The Cheonggyecheon Stream Restoration Project in Seoul, South Korea is one of the best examples of a project that has produced positive public benefits. The project successfully restored a stream in downtown Seoul that for decades had been paved over to create more space for the traffic. But the construction of the highway was also the primary cause of water and air pollution, which in turn led to the creation of slum conditions among the remaining properties. Then in 2003, then-Seoul mayor, Lee Myung-bak decided to remove the elevated highway and return the stream to its former condition, an 8-kilometer open-air space where people could come to relax. The multi-million dollar urban beautification project gave citizens and nature some much-needed breathing space and created a correlation of social, environment and economy as follows;

  • Social: There are more spaces for families, communities, and tourists to relax. It is accessible to people of all ages and a perfect place to improve people’s mental health.
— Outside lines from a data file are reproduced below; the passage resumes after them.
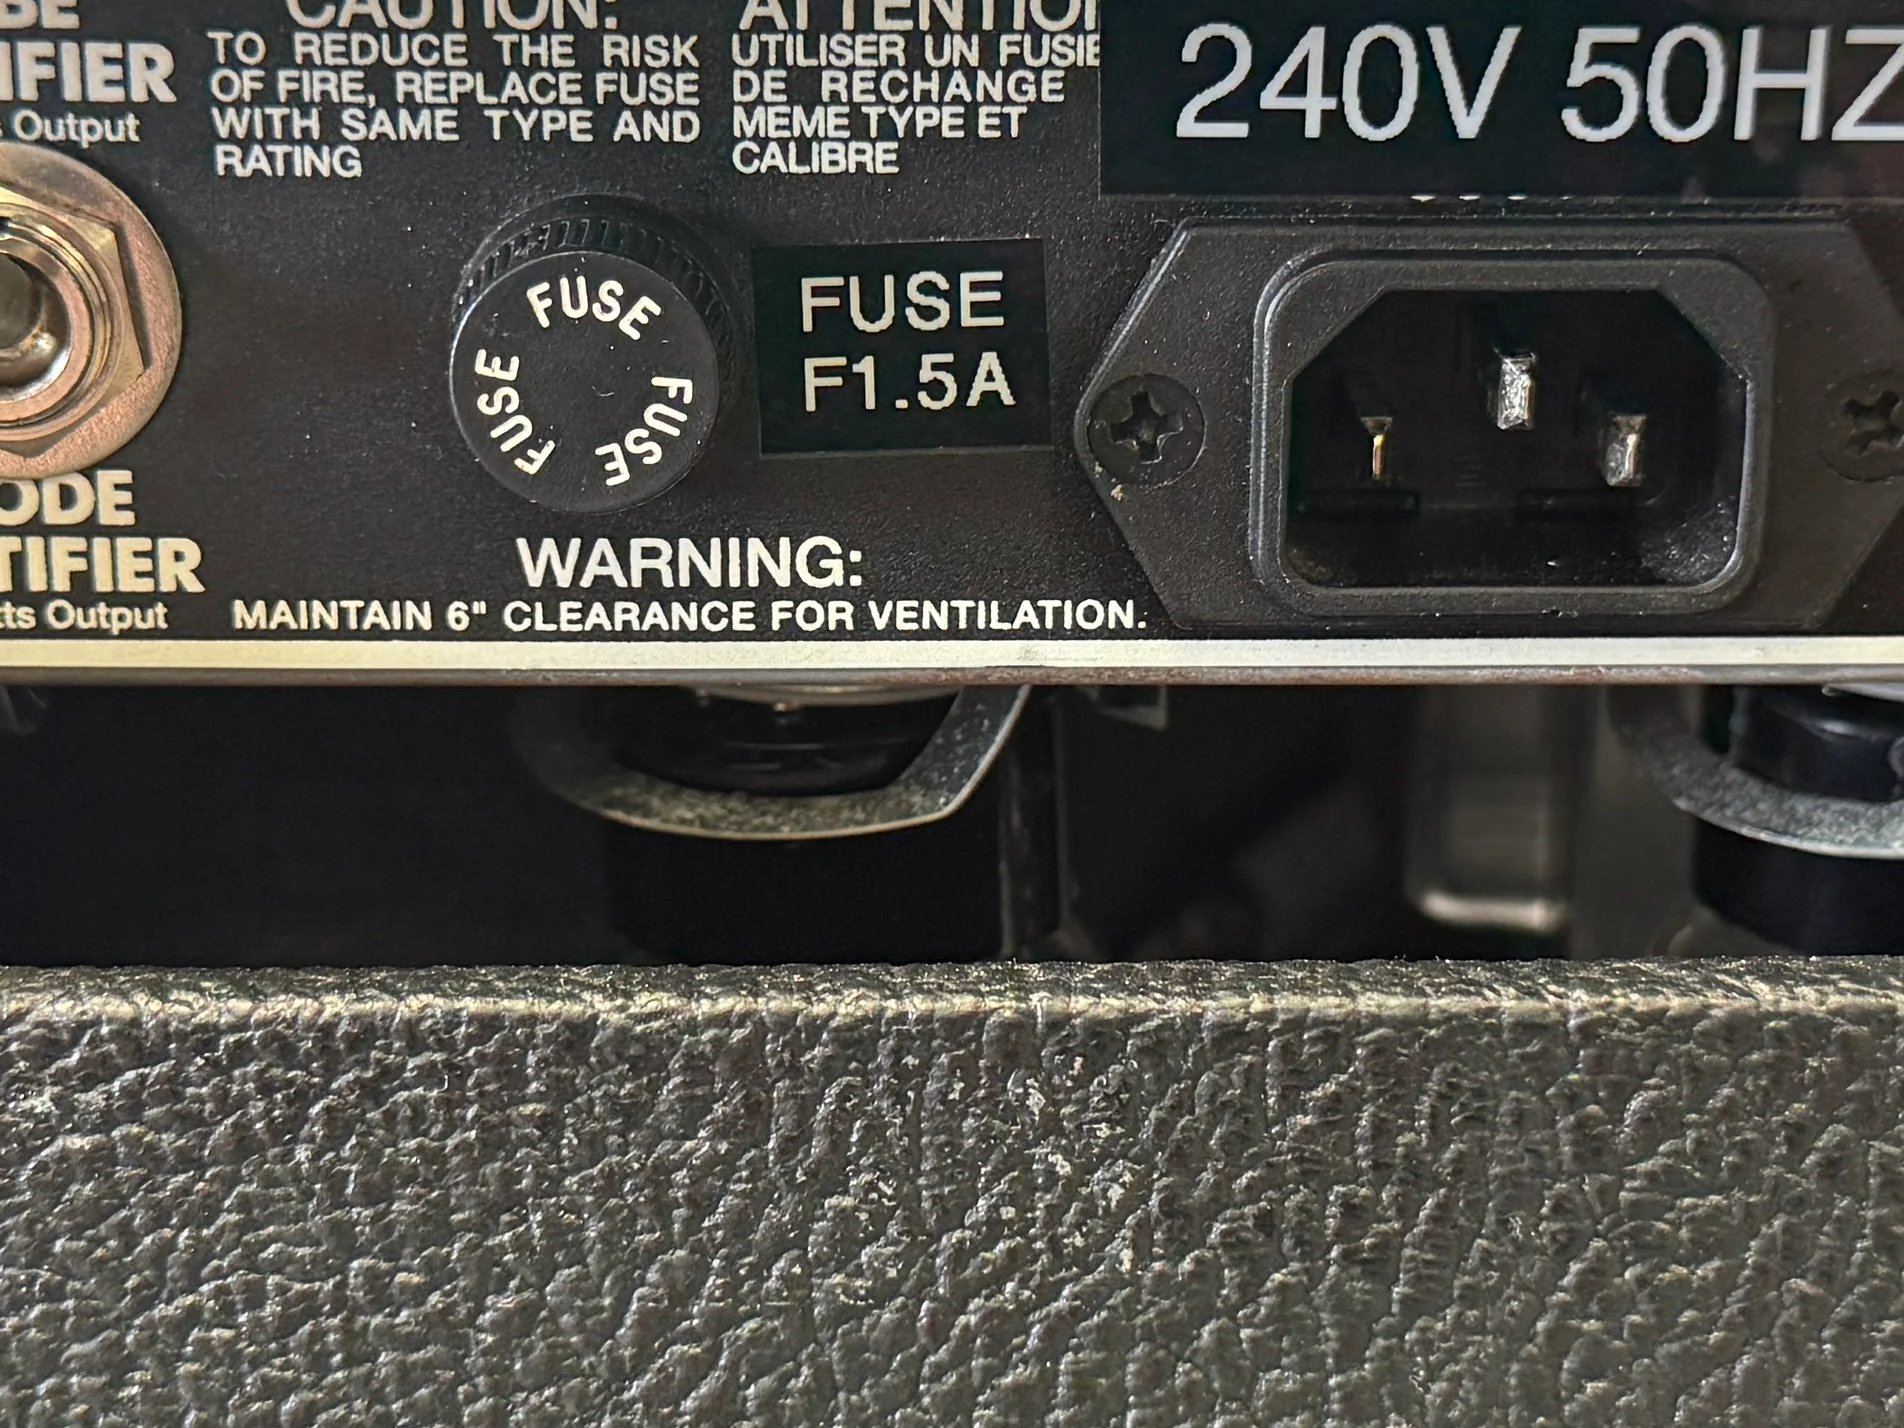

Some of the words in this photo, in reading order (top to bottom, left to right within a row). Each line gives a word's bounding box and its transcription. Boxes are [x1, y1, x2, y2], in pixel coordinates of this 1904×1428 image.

[207, 31, 267, 66] TO
[295, 32, 468, 67] REDUCE
[494, 34, 576, 67] THE
[602, 35, 701, 68] RISK
[731, 33, 906, 68] UTILISER
[924, 34, 979, 68] UN
[210, 70, 264, 103] OF
[278, 70, 376, 109] FIRE,
[396, 71, 582, 105] REPLACE
[596, 72, 700, 106] FUSE
[733, 70, 787, 103] DE
[821, 69, 1065, 103] RECHANGE
[1175, 22, 1523, 141] 240V
[10, 109, 141, 148] Output
[211, 107, 320, 141] WITH
[341, 108, 459, 142] SAME
[484, 109, 593, 142] TYPE
[613, 109, 701, 143] AND
[732, 105, 850, 139] MEME
[861, 105, 965, 139] TYPE
[977, 105, 1028, 139] ET
[215, 144, 362, 178] RATING
[732, 141, 900, 175] CALIBRE
[526, 275, 662, 341] FUSE
[801, 271, 1005, 333] FUSE
[804, 351, 1016, 412] F1.5A
[474, 348, 556, 475] FUSE
[594, 376, 694, 487] FUSE
[515, 536, 863, 589] WARNING:
[46, 602, 168, 635] Output
[231, 599, 440, 632] MAINTAIN
[502, 598, 756, 633] CLEARANCE
[771, 598, 854, 632] FOR
[867, 597, 1147, 632] VENTILATION.
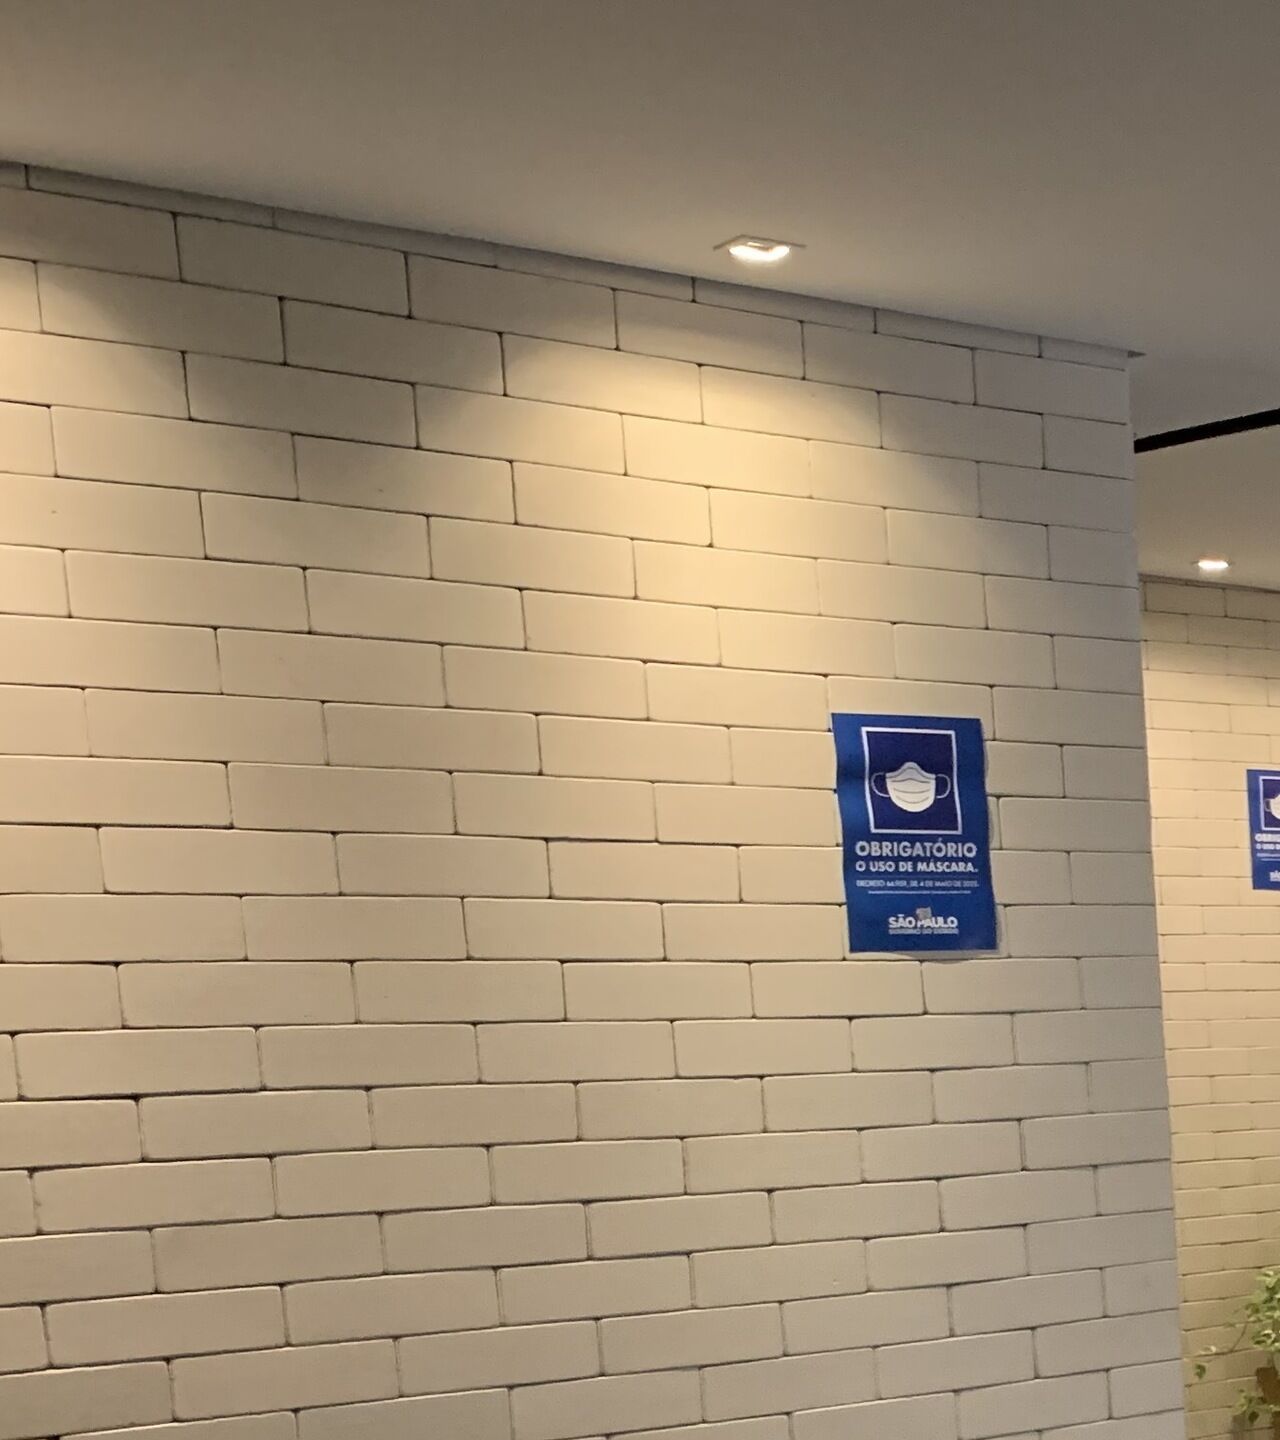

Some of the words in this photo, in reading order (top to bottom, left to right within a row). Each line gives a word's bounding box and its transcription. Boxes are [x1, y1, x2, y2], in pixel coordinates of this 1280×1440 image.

[855, 837, 978, 858] OBRIGATÓRIO
[855, 860, 866, 872] O
[869, 860, 895, 872] USO
[898, 861, 914, 872] DE
[917, 859, 979, 873] MÁSCARA.
[888, 913, 916, 929] SÃO
[916, 916, 959, 929] PAULO
  • Environment: The ecosystem is much healthier thanks to a decrease in air pollution and now the stream helps to reduce the temperature in nearby areas while attracting more birds and insects. The eco-environment has also brought back aquatic creatures and created a pleasant atmosphere for the downtown community.
  • Economy: The area is now more economically viable with a daily increase of tourists, which is generating more income for local businesses without unduly affecting the environment.

Besides the Cheonggyechoen project, there are many other projects around the world that are making a difference such as the Guthrie Green Park project in Oklahoma, New York City’s High Line Park in New York, USA, Namba Park project in Osaka, Japan and Clyde Waterfront project in Scotland, to name but a few. Each of these urban renewal projects aims to improve a specific area for nature and humans so that communities have a better quality of life and can live in harmony with nature. Creative conservation then is considered as an attempt to keep a balance between social, economy, and environment based upon ongoing changes in human needs. In doing so, environmental impact assessments need to be seriously taken into consideration for the mutual benefits of humans and Mother Nature.